CW: Domestic abuse, child abuse, sexual abuse
The Southbank Centre held their fifth annual Women of the World Festival (WOW) this year, beginning onMonday 2nd March and finishing on the 8th, International Women’s Day. It was my first time attending the festival, and it managed to surpass all expectations.
A sense of sisterhood was established from the start, and I’ve never heard so many women speak on such a wide variety of topics with such warmth, passion and, when appropriate (because there was some difficult and sometimes disturbing content) humour. I was only able to attend Saturday’s events but next year I’ll be certain to purchase the weekend pass – the sheer amount of amazing talks and workshops made itfeel like a waste to attend only one day. It also gave me the problem of having to choose which woman to dedicate our ‘Boob-free page three’ article this week to – I’m sure a selection of other speakers from the festival will feature here in upcoming months. For now however, I’m going to introduce you to Marie Hanson. An inspirational and truly empowered woman who managed to bring the entire room close to tears in approximately three minutes.

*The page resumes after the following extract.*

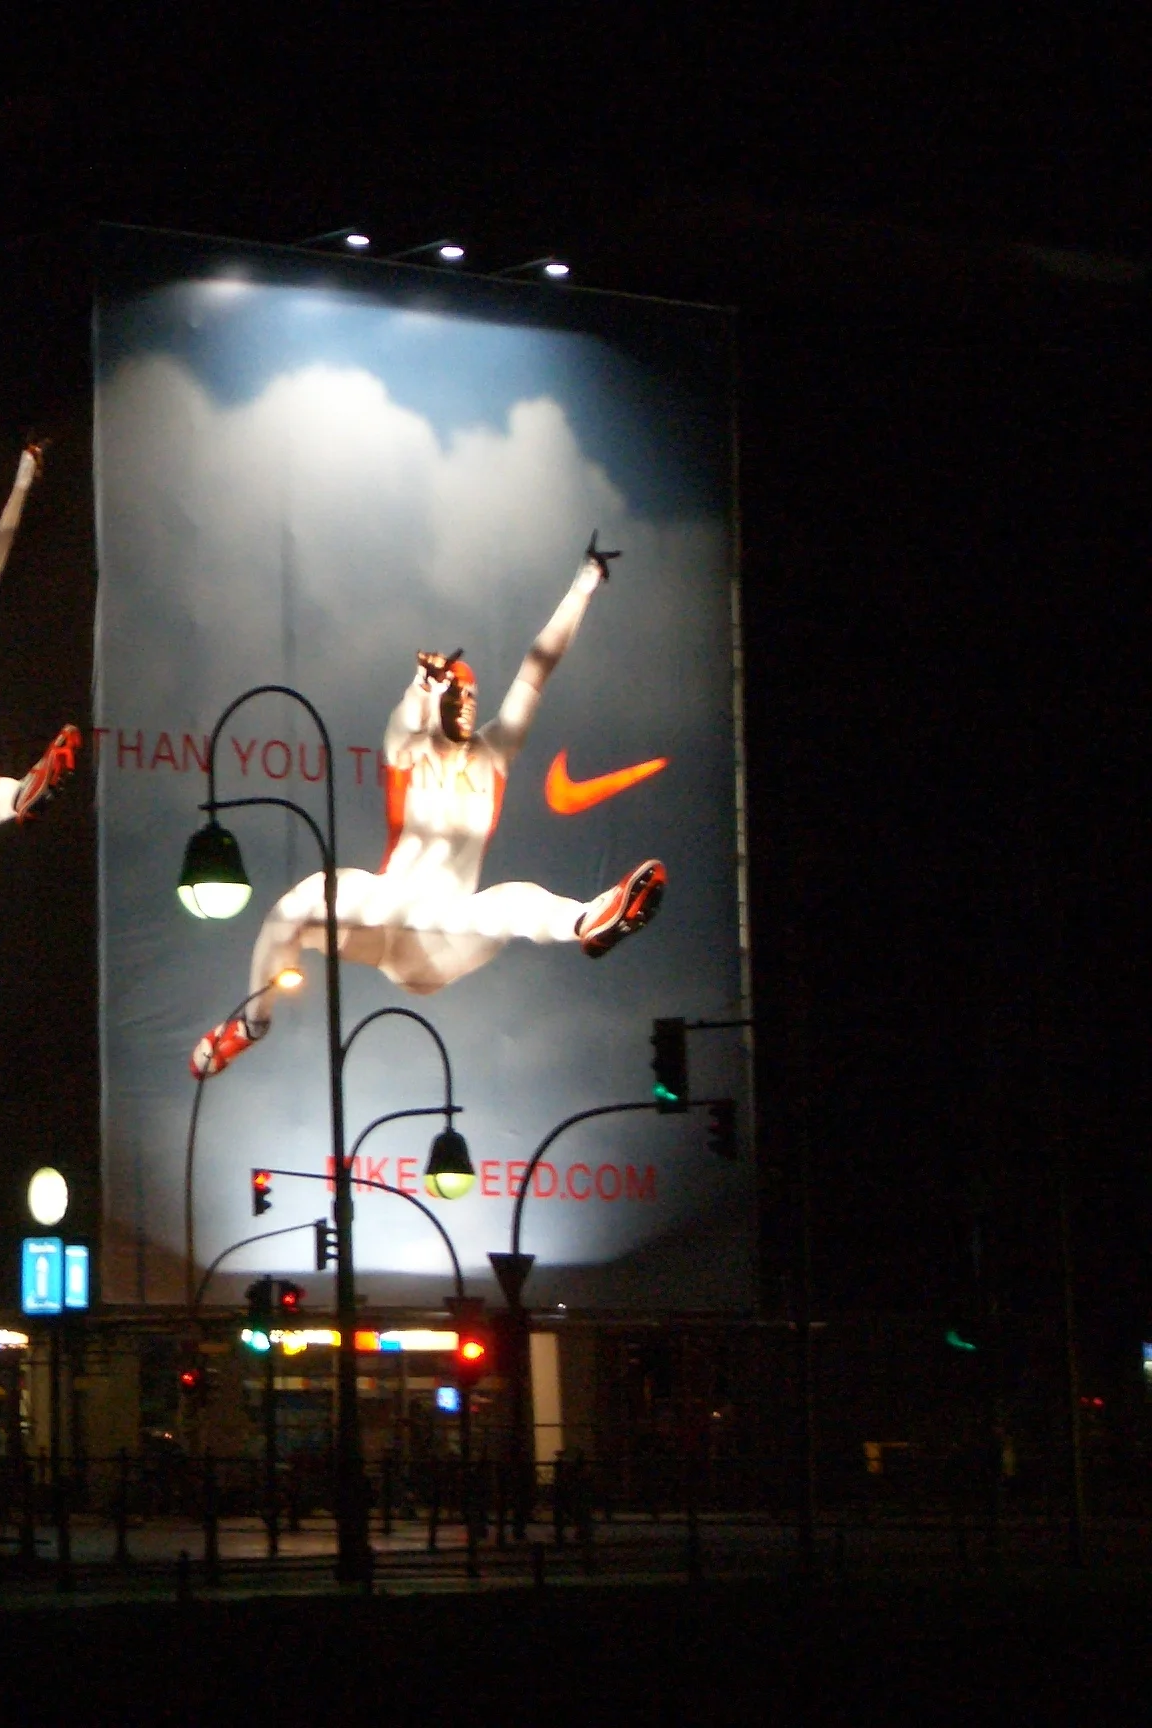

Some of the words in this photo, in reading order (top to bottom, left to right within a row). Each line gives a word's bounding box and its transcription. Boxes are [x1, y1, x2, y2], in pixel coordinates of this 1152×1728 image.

[90, 727, 211, 774] THAN
[231, 736, 327, 783] YOU
[325, 1154, 658, 1204] NIKEEED.COM

Marie Hanson spoke at the ‘Accidental Activists’ talk, which covered the work of four women: Marie; Laura Bates, who launched Everyday Sexism; Sylvia Lancaster, whose daughter Sophie was murdered for ‘being a Goth’; and Zarqa Nawaz, a Muslim writer and filmmaker whose work focuses on women and the mosque. It’s a testament to Marie that she had such impact in a talk featuring three other incredible women.

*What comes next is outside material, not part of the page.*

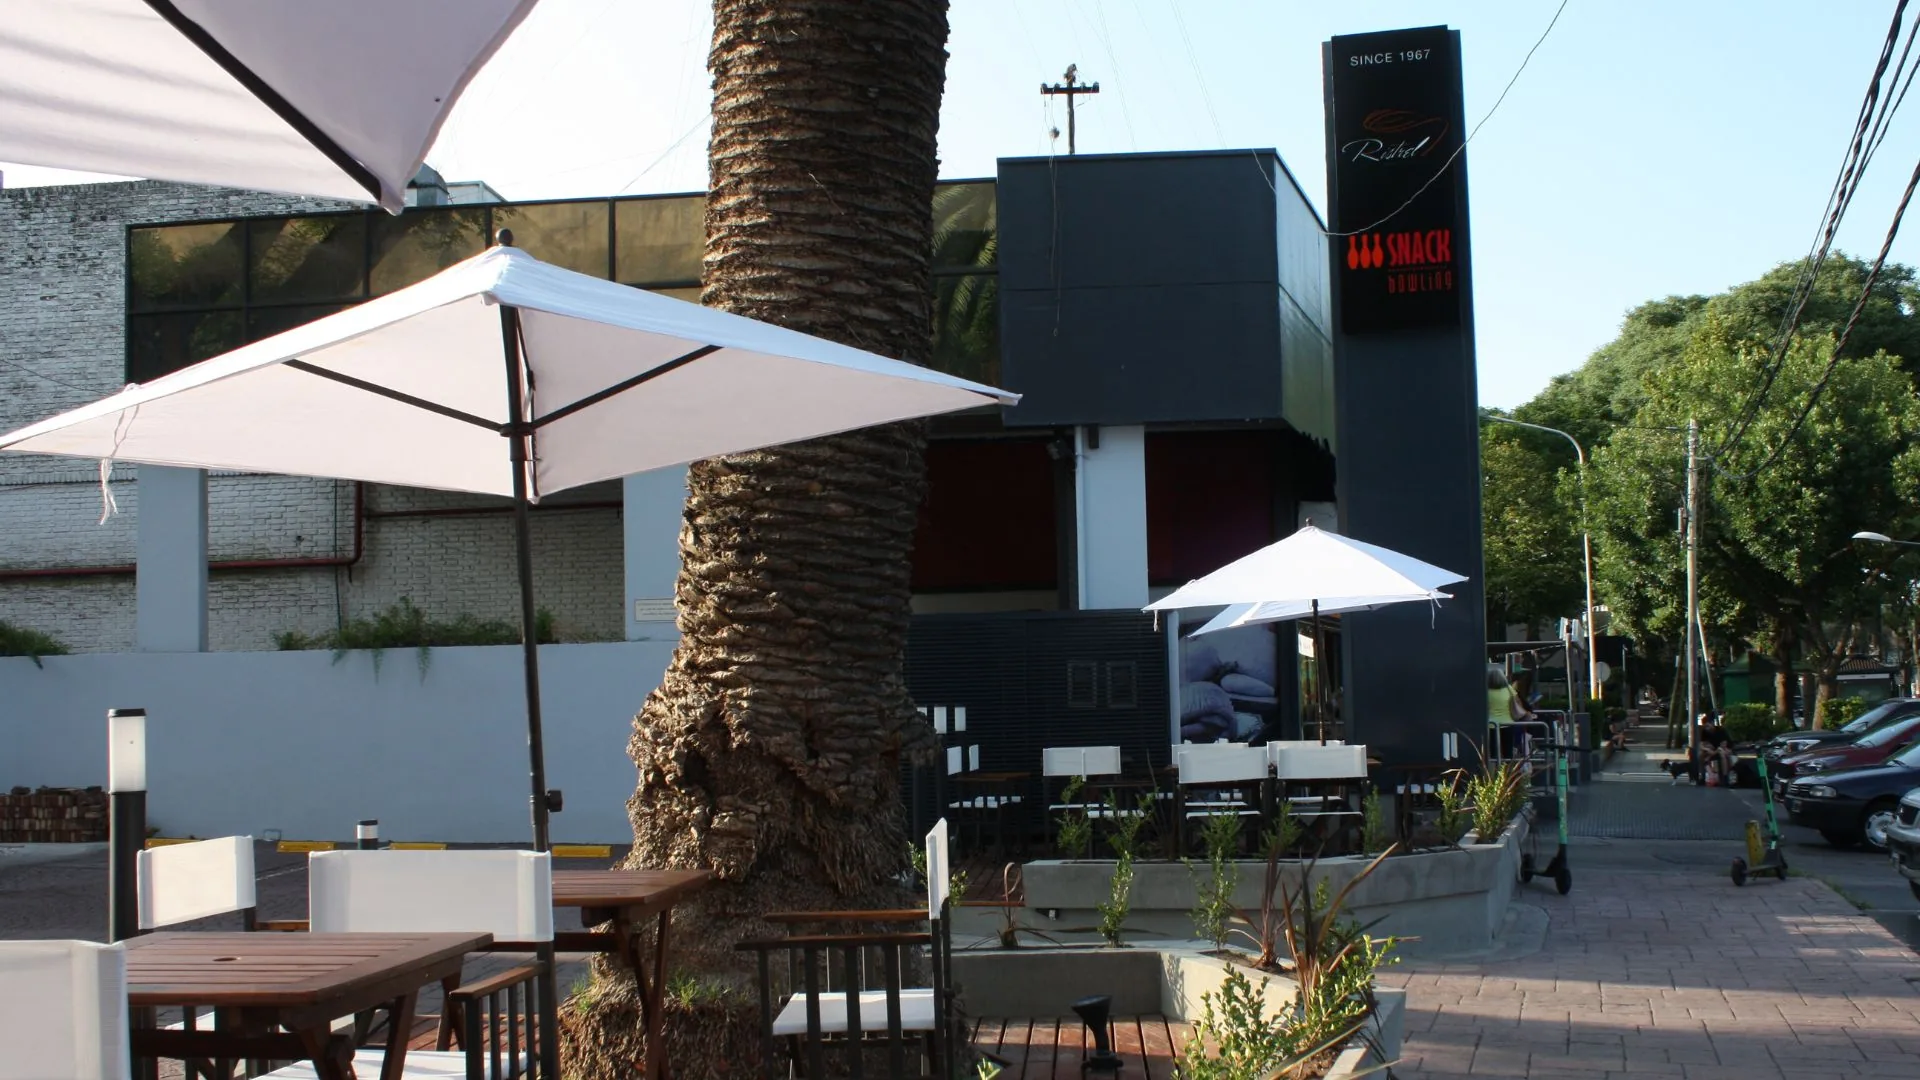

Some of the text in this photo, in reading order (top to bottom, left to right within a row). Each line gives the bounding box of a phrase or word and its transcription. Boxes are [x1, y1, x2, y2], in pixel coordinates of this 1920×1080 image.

[1350, 48, 1431, 67] SINCE 1967
[1386, 229, 1451, 267] SNACK

In 2003, Marie, or ‘The Queen of Doddington’ as she’s also known, left her abusive husband and found herself with six children and no job, money or home. For years, Marie’s husband both psychologically and physically abused her, and sexually abused one of her daughters (Marie only discovered this after she had left him), but the breaking point was when he took her three-month old baby and dangled her from the window until the family got down on their knees, begging him to stop. After leaving, the family were left with no option but to sleep in the car and Marie described having to explain to her children that they were there because “they wanted to be first when McDonalds opened.”
Luckily, the council were able to rehouse Marie and her family on an estate in Doddington, and once there she decided to start S.T.O.R.M (‘support, trust, opportunity, rebuilding, motivation’) family centre, as a place for other single mothers. In 2008, her son was stabbed in the back and almost killed when he tried to defend a friend, and since then she has also opened the centre up to young people turning away from violence.
S.T.O.R.M. has been able to help over 2,000 women and countless young people since 2003. It offers free art therapy sessions, job hunting and CV writing workshops, numeracy and literacy classes and a youth club amongst other support services, and holds regular community events. It’s no wonder then, that for her work Marie is known as ‘The Queen of Doddington’. Watching her speak was one of the most moving things I’ve witnessed; in addition to the abuse she suffered at the hands of her husband, Marie has overcome her own personal child abuse as well as severe dyslexia in order to become the woman she is today. She’s an activist, that’s certain, but I don’t know if the ‘Accidental’ in the title of the talk applies to her. Marie is a woman who has worked hard and deliberately for many years to accomplish what she has, and is rightly proud of her achievements.